- _Records for this task_:

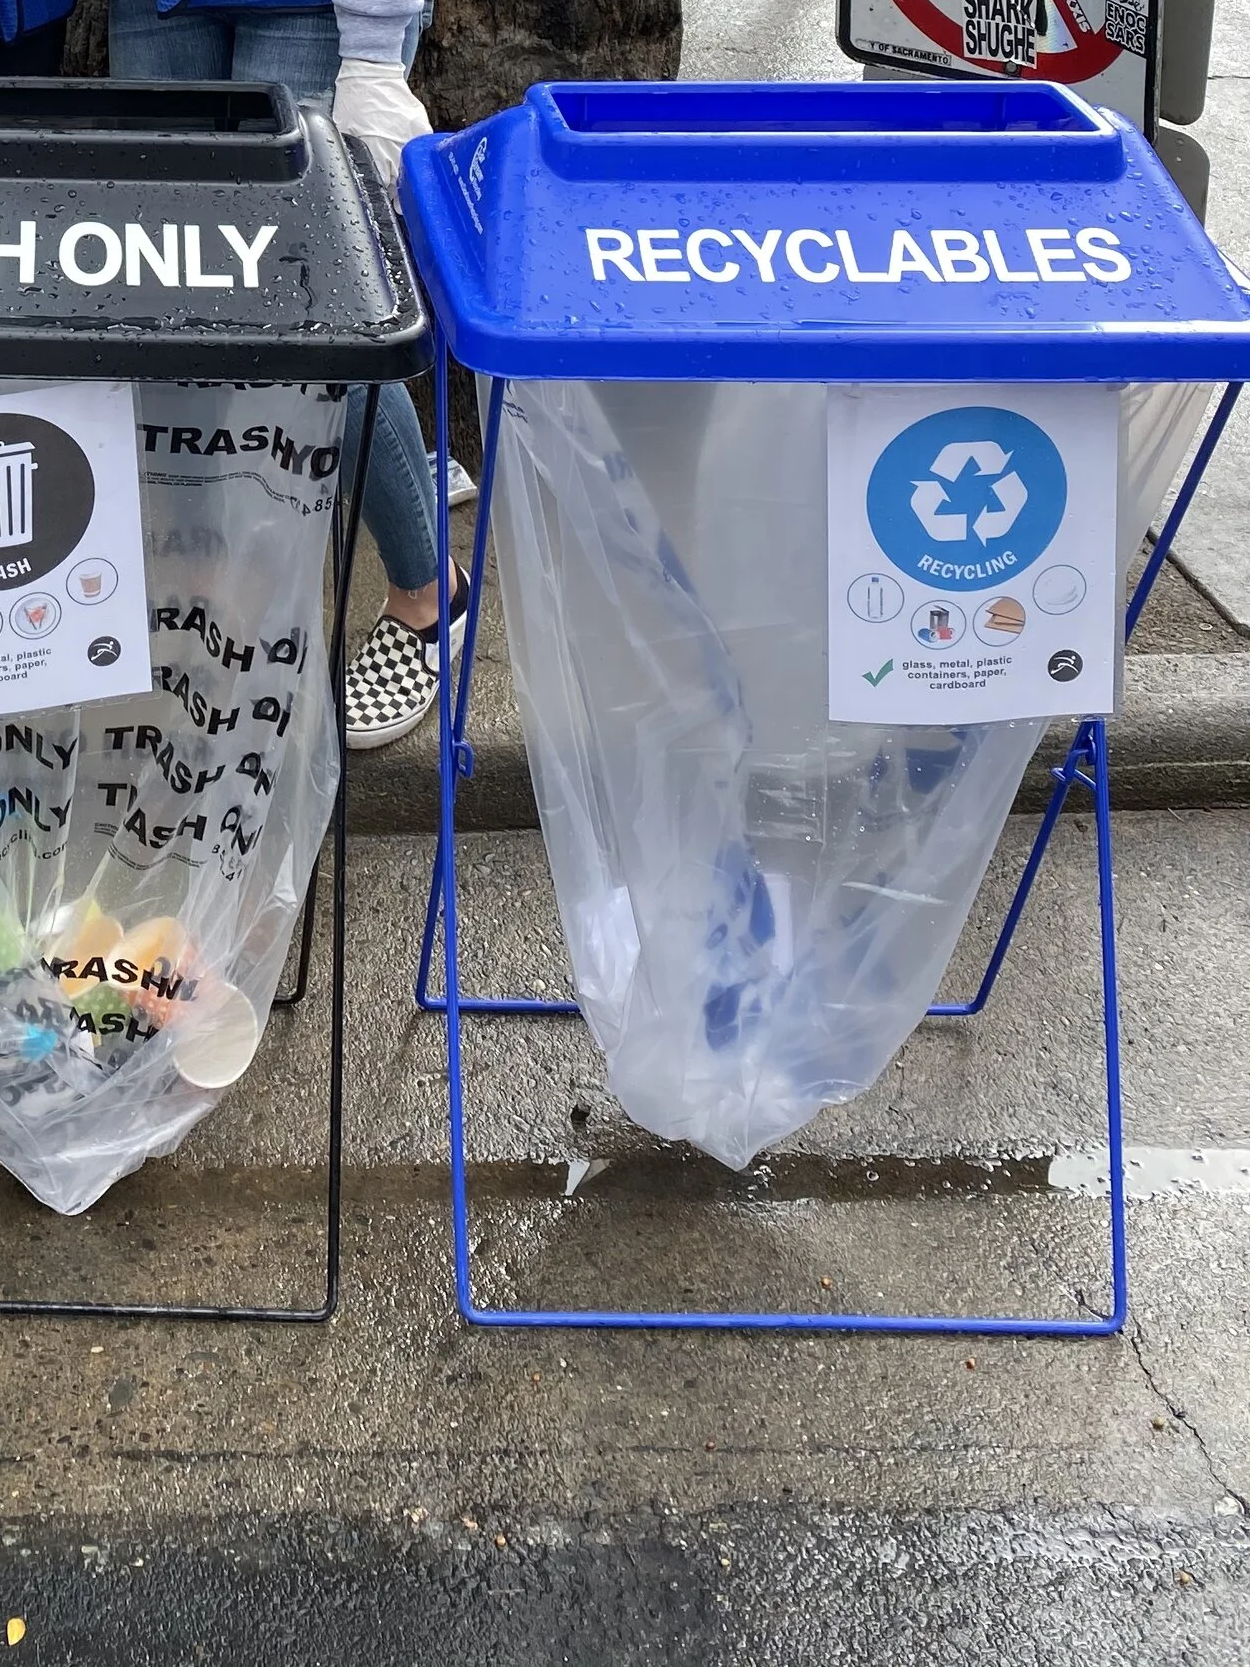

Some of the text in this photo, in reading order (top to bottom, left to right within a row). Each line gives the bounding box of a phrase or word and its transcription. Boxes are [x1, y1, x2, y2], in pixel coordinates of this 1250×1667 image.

[1106, 21, 1145, 54] SARS
[892, 45, 949, 66] SACRAMENTO
[58, 221, 280, 288] ONLY
[585, 228, 1133, 283] RECYCLABLES
[917, 550, 1018, 580] RECYCLING
[16, 648, 52, 661] plastic
[156, 606, 255, 672] RASH
[15, 659, 47, 671] paper,
[902, 656, 1012, 671] glass, metal, plastic
[907, 667, 1007, 680] containers, paper,
[161, 666, 240, 735] RASH
[929, 680, 987, 690] cardboard
[104, 725, 227, 795] TRASH
[98, 782, 208, 850] TASH
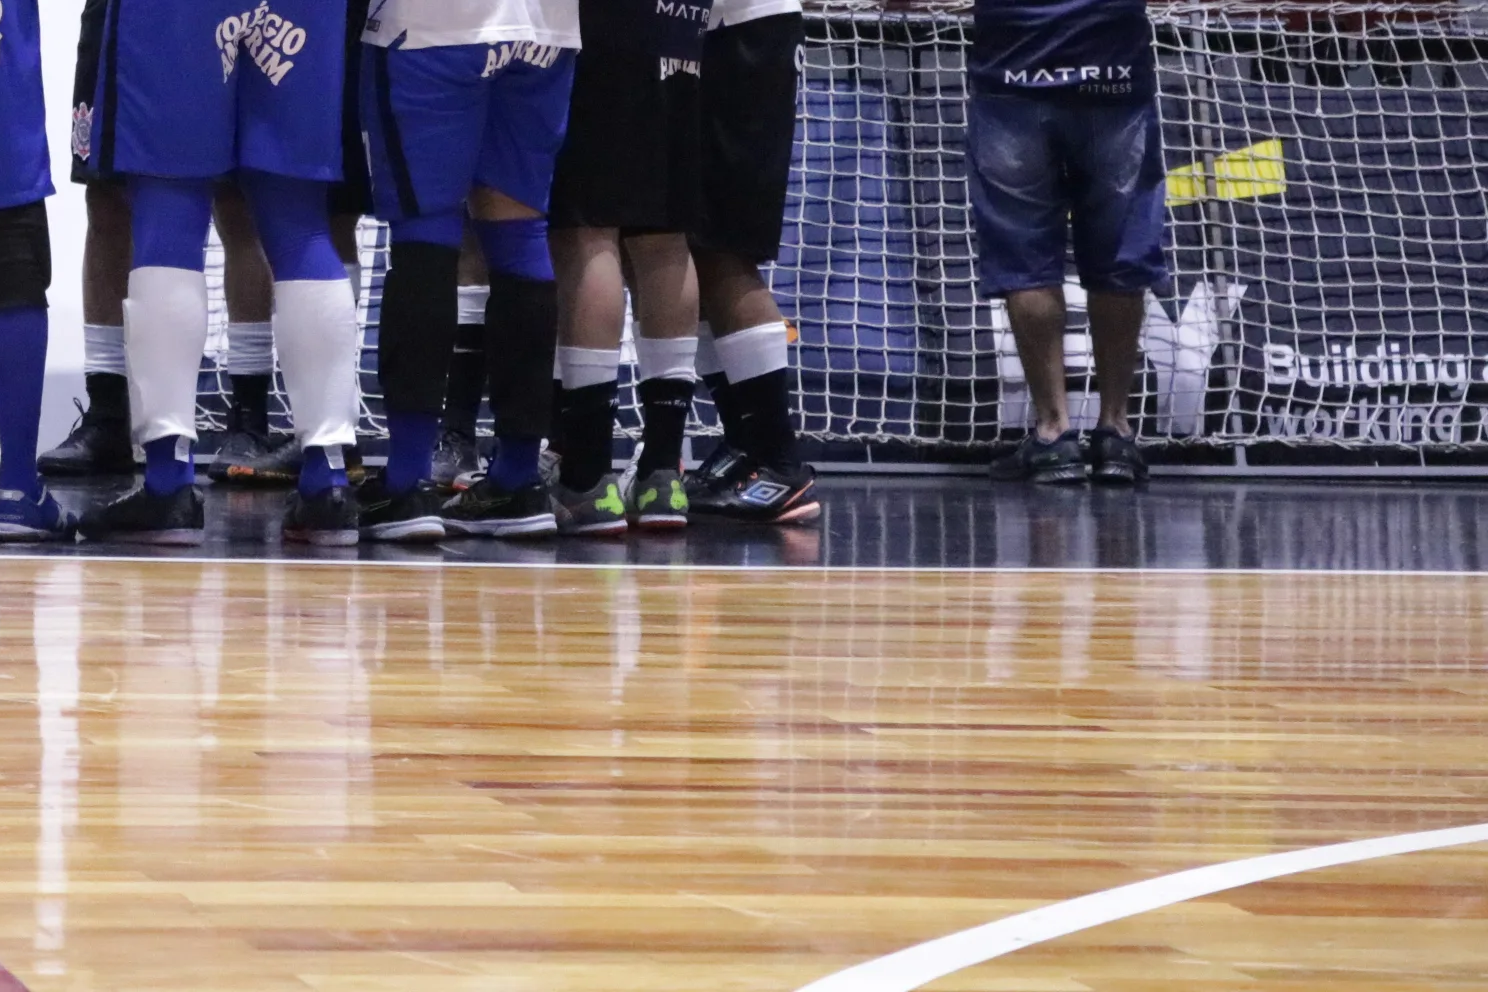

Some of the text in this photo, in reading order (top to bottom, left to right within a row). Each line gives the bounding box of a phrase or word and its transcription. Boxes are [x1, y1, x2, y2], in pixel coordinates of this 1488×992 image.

[1003, 65, 1133, 84] MATRIX
[1078, 82, 1133, 95] FITNESS
[1263, 343, 1466, 397] Building
[1265, 397, 1462, 442] working
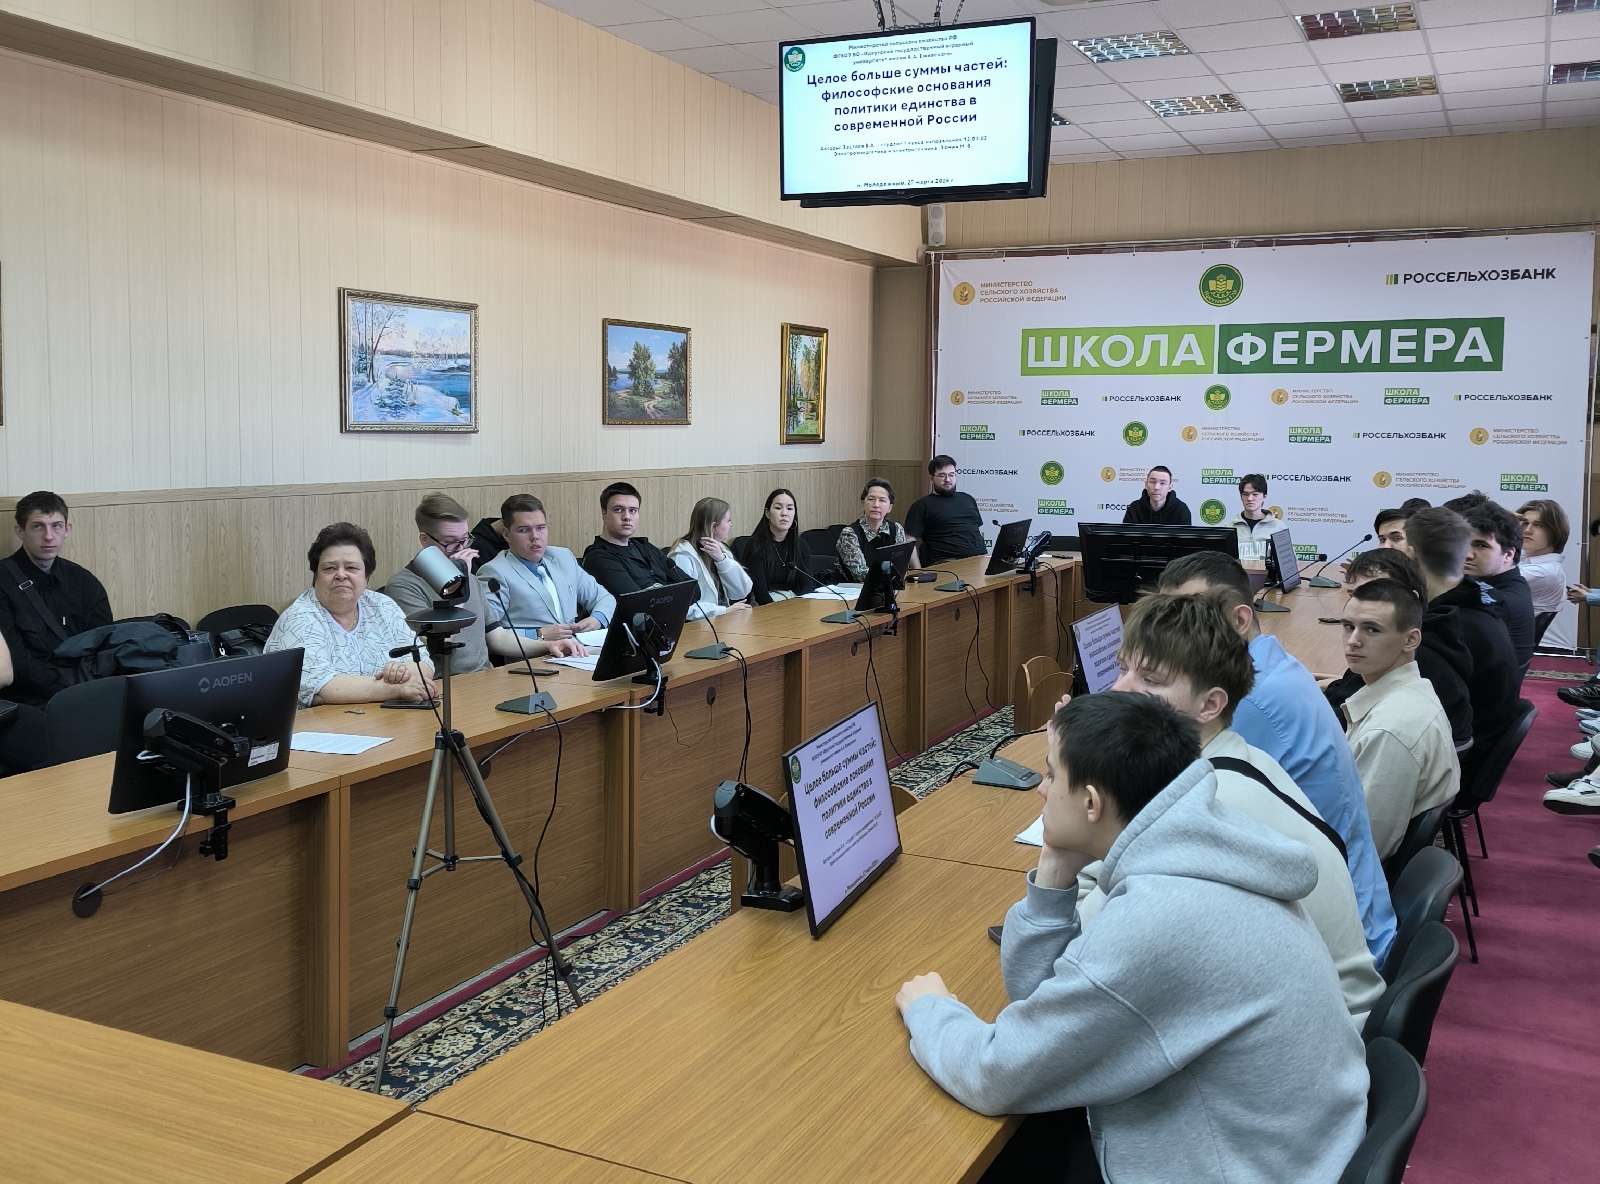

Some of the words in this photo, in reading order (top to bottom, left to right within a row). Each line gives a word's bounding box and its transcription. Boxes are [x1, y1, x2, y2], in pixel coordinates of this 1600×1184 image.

[807, 74, 847, 87] Целое
[851, 69, 901, 81] больше
[905, 65, 950, 78] суммы
[954, 57, 1007, 71] частей:
[821, 86, 913, 102] философские
[917, 79, 991, 92] основания
[834, 103, 897, 115] политики
[901, 98, 965, 112] единства
[969, 97, 977, 105] в
[834, 115, 922, 132] современной
[927, 114, 977, 125] России
[1403, 268, 1556, 284] РОССЕЛЬХОЗБАНК
[1027, 333, 1206, 368] ШКОЛА
[1226, 327, 1494, 366] ФЕРМЕРА
[1385, 388, 1419, 396] ШКОЛА
[1027, 429, 1095, 437] РОССЕЛЬХОЗБАНК
[1271, 474, 1352, 483] РОССЕЛЬХОЗБАНК
[1501, 474, 1537, 482] ШКОЛА
[655, 595, 674, 606] AOPEN
[212, 672, 253, 689] AOPEN
[804, 776, 822, 795] Целое
[821, 763, 843, 782] больше
[842, 751, 859, 769] суммы
[814, 776, 849, 810] философские
[849, 758, 875, 781] основания
[821, 797, 846, 822] политики
[846, 779, 870, 803] единства
[825, 803, 859, 839] современной
[858, 792, 876, 812] России

- _Work task_: Beginning with the line containing "this 1488×992 image." and ending with the last line of the data, output those lines exactly and nothing more. Omit every picture.

- _Written response_:
Some of the text in this photo, in reading order (top to bottom, left to right within a row). Each line gives the bounding box of a phrase or word and its transcription. Boxes are [x1, y1, x2, y2], in pixel coordinates of this 1488×992 image.

[1003, 65, 1133, 84] MATRIX
[1078, 82, 1133, 95] FITNESS
[1263, 343, 1466, 397] Building
[1265, 397, 1462, 442] working

Some of the words in this photo, in reading order (top to bottom, left to right within a row). Each line gives a word's bounding box and its transcription. Boxes are [x1, y1, x2, y2], in pixel coordinates of this 1600×1184 image.

[807, 74, 847, 87] Целое
[851, 69, 901, 81] больше
[905, 65, 950, 78] суммы
[954, 57, 1007, 71] частей:
[821, 86, 913, 102] философские
[917, 79, 991, 92] основания
[834, 103, 897, 115] политики
[901, 98, 965, 112] единства
[969, 97, 977, 105] в
[834, 115, 922, 132] современной
[927, 114, 977, 125] России
[1403, 268, 1556, 284] РОССЕЛЬХОЗБАНК
[1027, 333, 1206, 368] ШКОЛА
[1226, 327, 1494, 366] ФЕРМЕРА
[1385, 388, 1419, 396] ШКОЛА
[1027, 429, 1095, 437] РОССЕЛЬХОЗБАНК
[1271, 474, 1352, 483] РОССЕЛЬХОЗБАНК
[1501, 474, 1537, 482] ШКОЛА
[655, 595, 674, 606] AOPEN
[212, 672, 253, 689] AOPEN
[804, 776, 822, 795] Целое
[821, 763, 843, 782] больше
[842, 751, 859, 769] суммы
[814, 776, 849, 810] философские
[849, 758, 875, 781] основания
[821, 797, 846, 822] политики
[846, 779, 870, 803] единства
[825, 803, 859, 839] современной
[858, 792, 876, 812] России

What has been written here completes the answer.